Figure 1 with 2 supplements
Spectral, temporal, and spatial beta burst characteristics.

(a) Burst characteristics for a single example burst. (ai) Temporal and spectral burst characteristics. (aii) Spatial burst characteristics. (aiii) Burst amplitude. Shown is the amplitude for each temporal, spectral, and spatial location of that burst, as well as the histogram across all three signal domains. Note that we use integer indexation of 3D surface location (idx) for visualisation here. All other analyses use the actual 3D surface location as provided by Cartesian x,y,z coordinates. Usually the mean (straight line) or the 95 percentile (dashed line) is reported as burst amplitude. (b) Same as (a) for a different burst. (c) Burst probability (i.e. number of bursts relative to the number of epochs) as a function of time and frequency across all bursts of all subjects (see Figure 1—figure supplement 1 for individual subjects). Burst probability as a function of time (bottom) and frequency (left) is shown for each subject separately (grey lines) and across subjects (black line). (d) Burst probability as a function of space across all bursts of all subjects on the inflated surface (top) and original surface (bottom). Highlighted are the central sulcus and the borders for 0.44 and 0.49 burst probability. To visualise burst probability as a function of space across subjects, individual subject maps were spatially normalised, projected onto a single surface, and then averaged across subjects. Figure 1—figure supplement 1 depicts the burst probability for each subject in native space. (e) Burst temporal duration (top), frequency spread (middle), and apparent spatial width (bottom) for each subject as boxplot.

Figure 1—figure supplement 1
Beta power and burst probability are shown for all three signal domains for each subject.

Left: conventional beta power and burst probability are shown as a function of time and frequency. To this end, data are averaged across the region of interest (ROI). Right: conventional beta power and burst probability as a function of space averaged in time and frequency (indicated by the rectangle in the time-frequency plot).

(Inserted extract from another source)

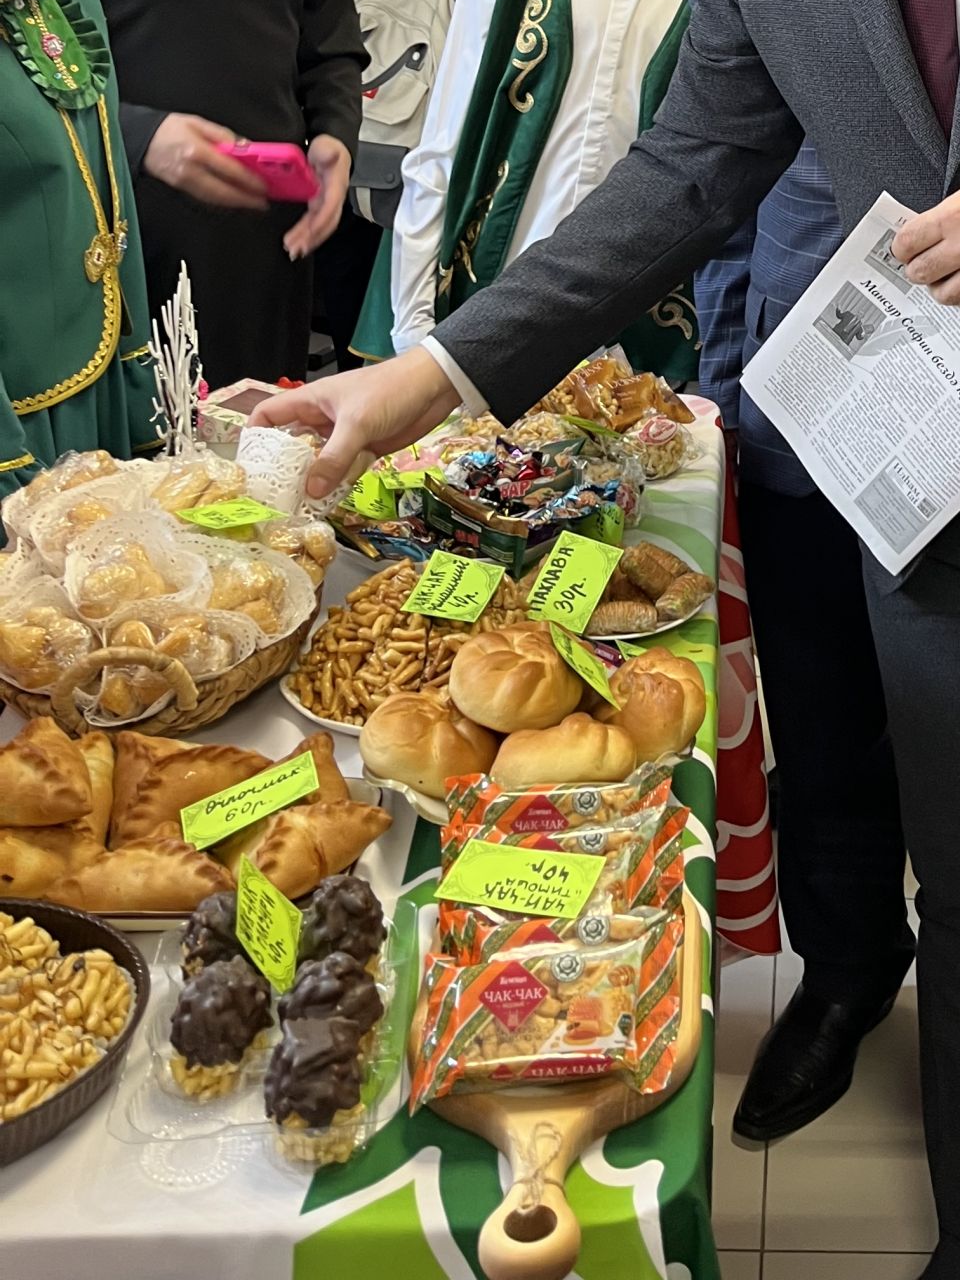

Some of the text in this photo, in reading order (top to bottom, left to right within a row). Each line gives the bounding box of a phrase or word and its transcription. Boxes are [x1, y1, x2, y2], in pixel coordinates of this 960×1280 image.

Figure 1—figure supplement 2
Schematic illustration of LCMV-related aspects for 3D bursts.

(ai) Schematic illustration of how differences in signal-to-noise ratio (SNR) across sessions could theoretically explain variability in bursts’ apparent spatial width. Burst A (high amplitude) and burst B (low amplitude) each with distinct linearly constrained minimum variance (LCMV) weights. If SNR across sessions explains the variability in bursts’ apparent spatial width, the apparent spatial width should be larger for small amplitude bursts. (aii) Relationship between burst amplitude and burst apparent spatial width across sessions within and across subjects. (bi) Schematic illustration of how differences in SNR within a session could theoretically explain variability in bursts' apparent spatial width. Burst A (high amplitude) and burst B (low amplitude) with shared LCMV weights. If SNR within a session explains the variability in bursts’ apparent spatial width, the apparent spatial width should be larger for high amplitude bursts. (bii) If bursts’ apparent spatial width is merely modulated by differences in SNR across bursts within a session, (1) a positive relationship between burst amplitude and burst apparent spatial width within sessions would be present, and (2) systematic phase differences across different spatial locations within each burst should be absent. Regarding the latter, if bursts’ apparent spatial width arises merely from amplitude scaling of a single source neural activity would show the same phase across different spatial locations of the burst (top). In turn, systematic phase lags across different spatial locations within the burst (bottom, Figure 5) indicate that bursts’ apparent spatial width is unlikely to arise merely from amplitude scaling of a single source.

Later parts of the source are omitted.